— YOUR TASK —
Only the pictures should be left out; repeat the rest of the data exactly.

— DATA IN THIS EXERCISE —
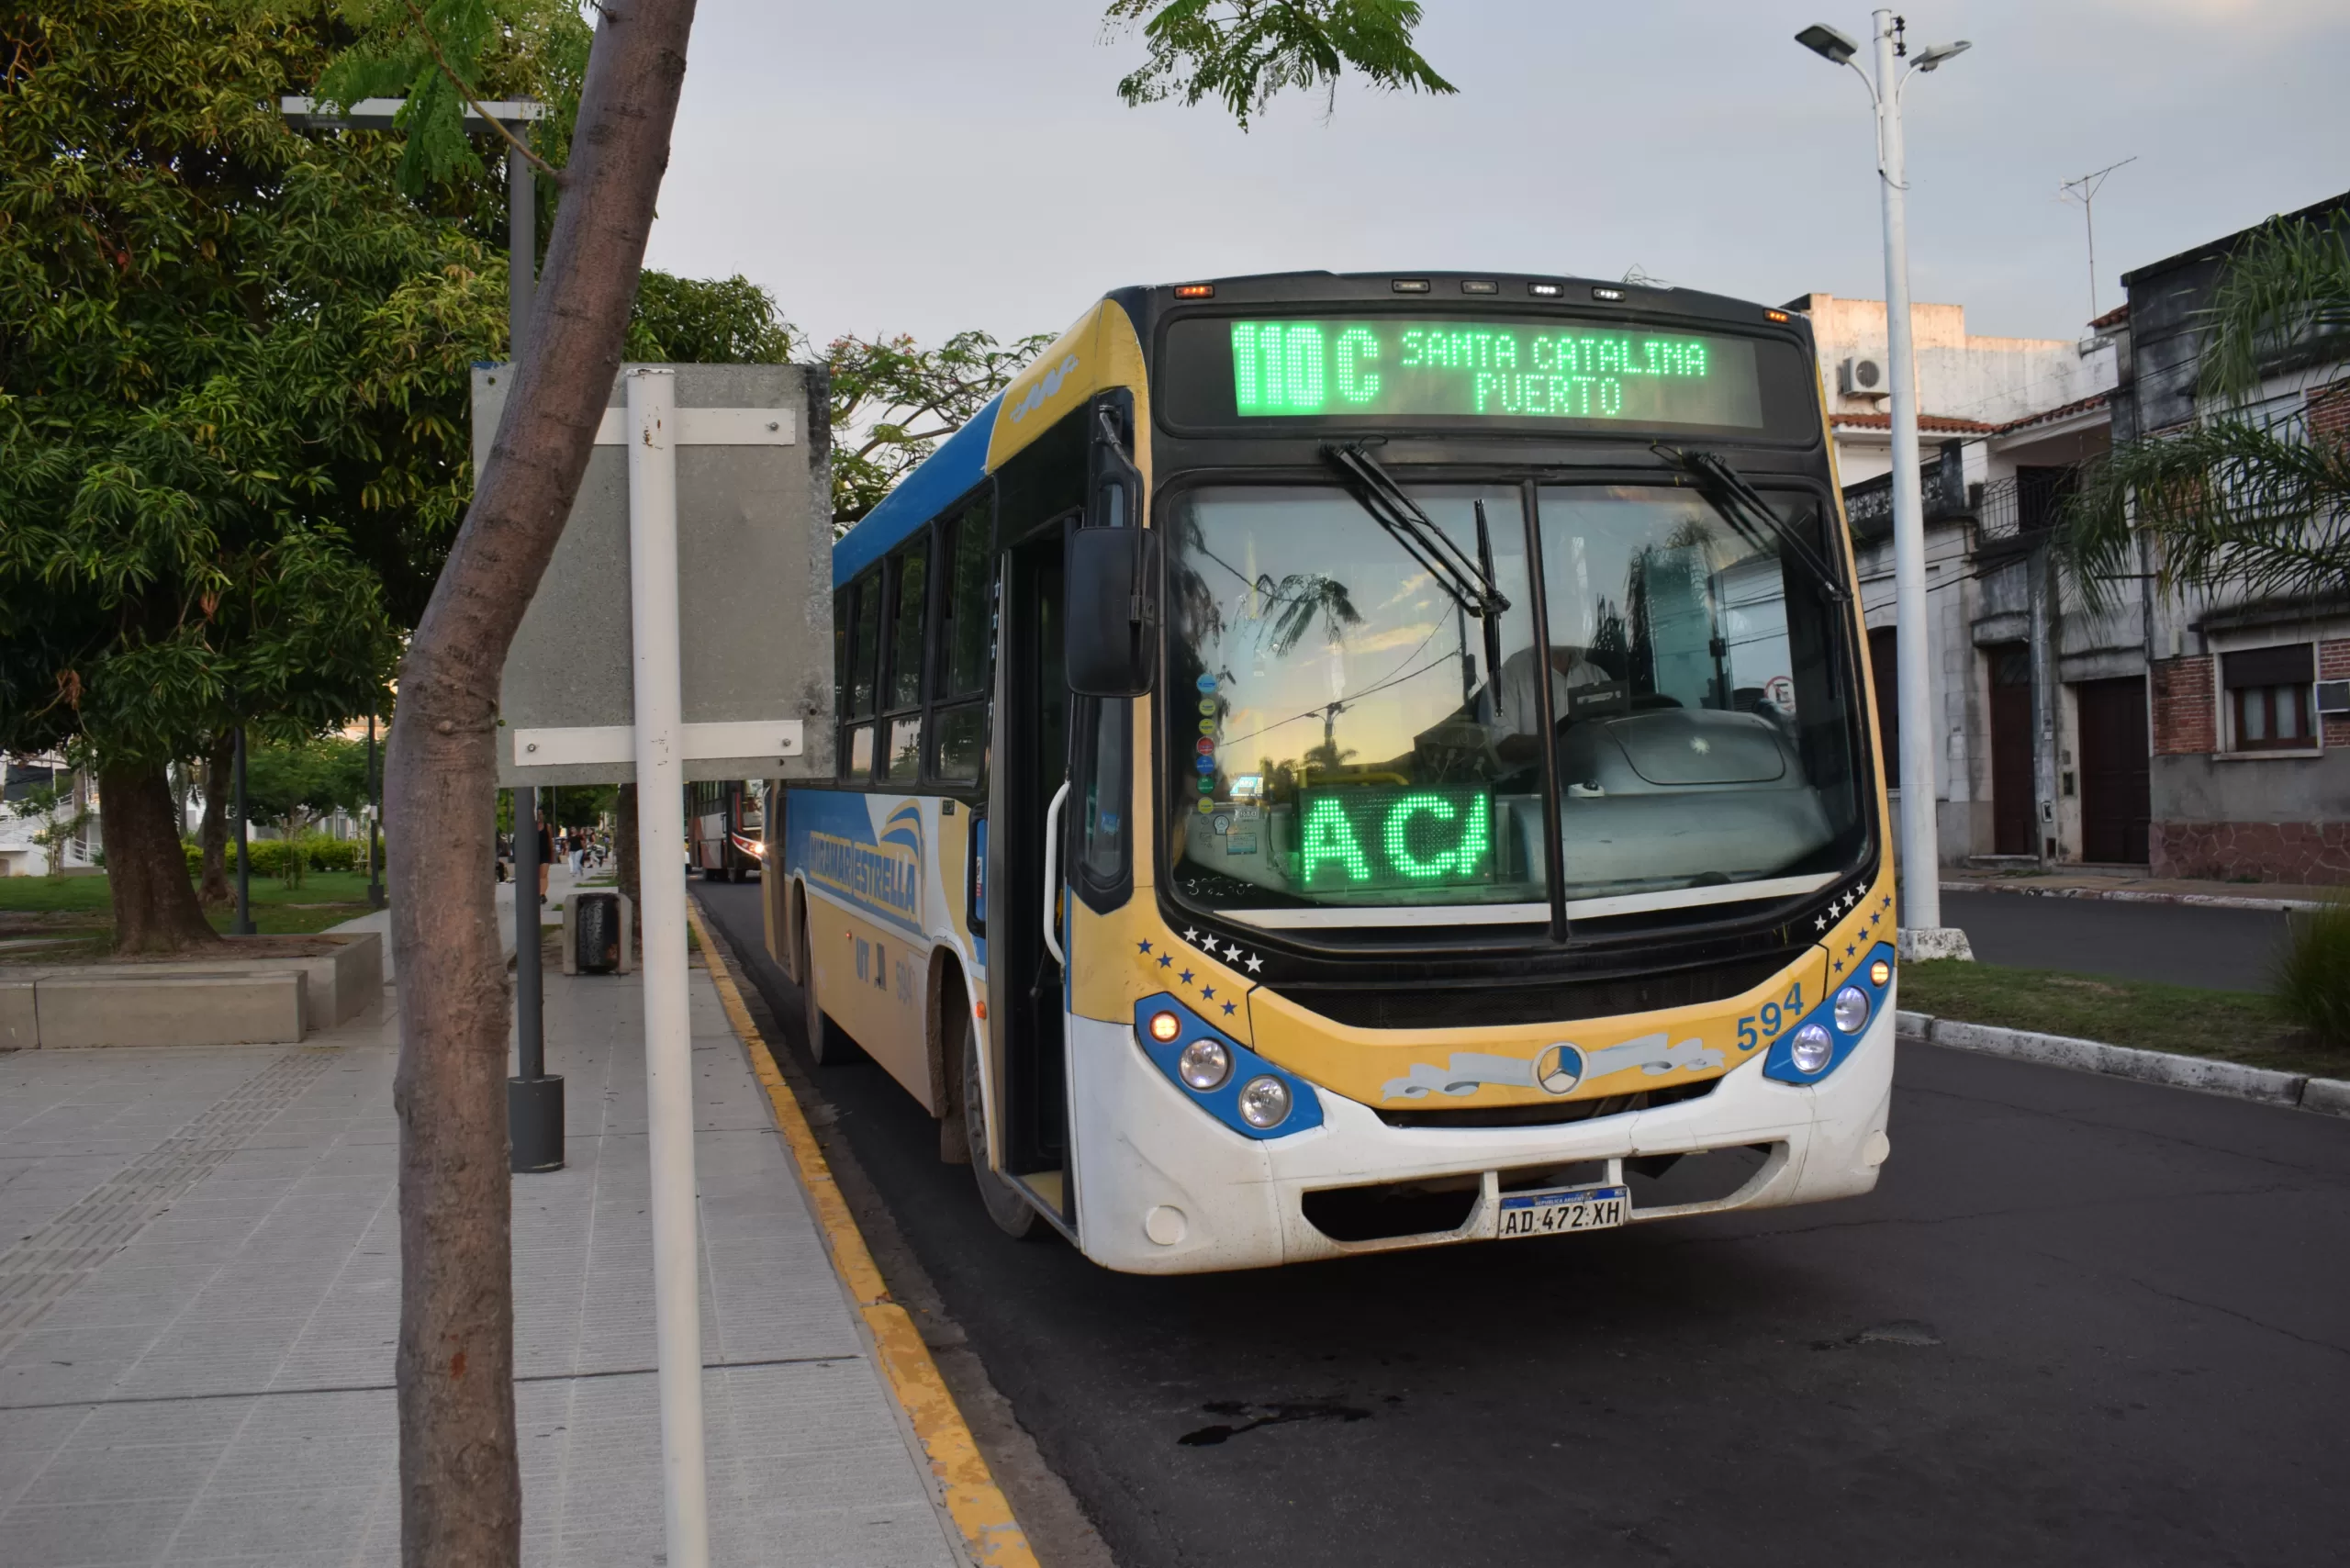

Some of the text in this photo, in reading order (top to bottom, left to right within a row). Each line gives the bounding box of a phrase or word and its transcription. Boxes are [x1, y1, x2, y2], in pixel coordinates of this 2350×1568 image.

[1233, 324, 1378, 406] 110 C
[1400, 330, 1707, 376] SANTA CATALINA
[1475, 372, 1621, 415] PUERTO
[853, 843, 917, 921] ESTRELLA
[1737, 981, 1805, 1051] 594
[1505, 1200, 1620, 1235] AD 472 XH

— OUTPUT OF THE TASK —
Some of the text in this photo, in reading order (top to bottom, left to right within a row). Each line gives the bounding box of a phrase or word and its transcription. Boxes are [x1, y1, x2, y2], in pixel coordinates of this 2350×1568 image.

[1233, 324, 1378, 406] 110 C
[1400, 330, 1707, 376] SANTA CATALINA
[1475, 372, 1621, 415] PUERTO
[853, 843, 917, 921] ESTRELLA
[1737, 981, 1805, 1051] 594
[1505, 1200, 1620, 1235] AD 472 XH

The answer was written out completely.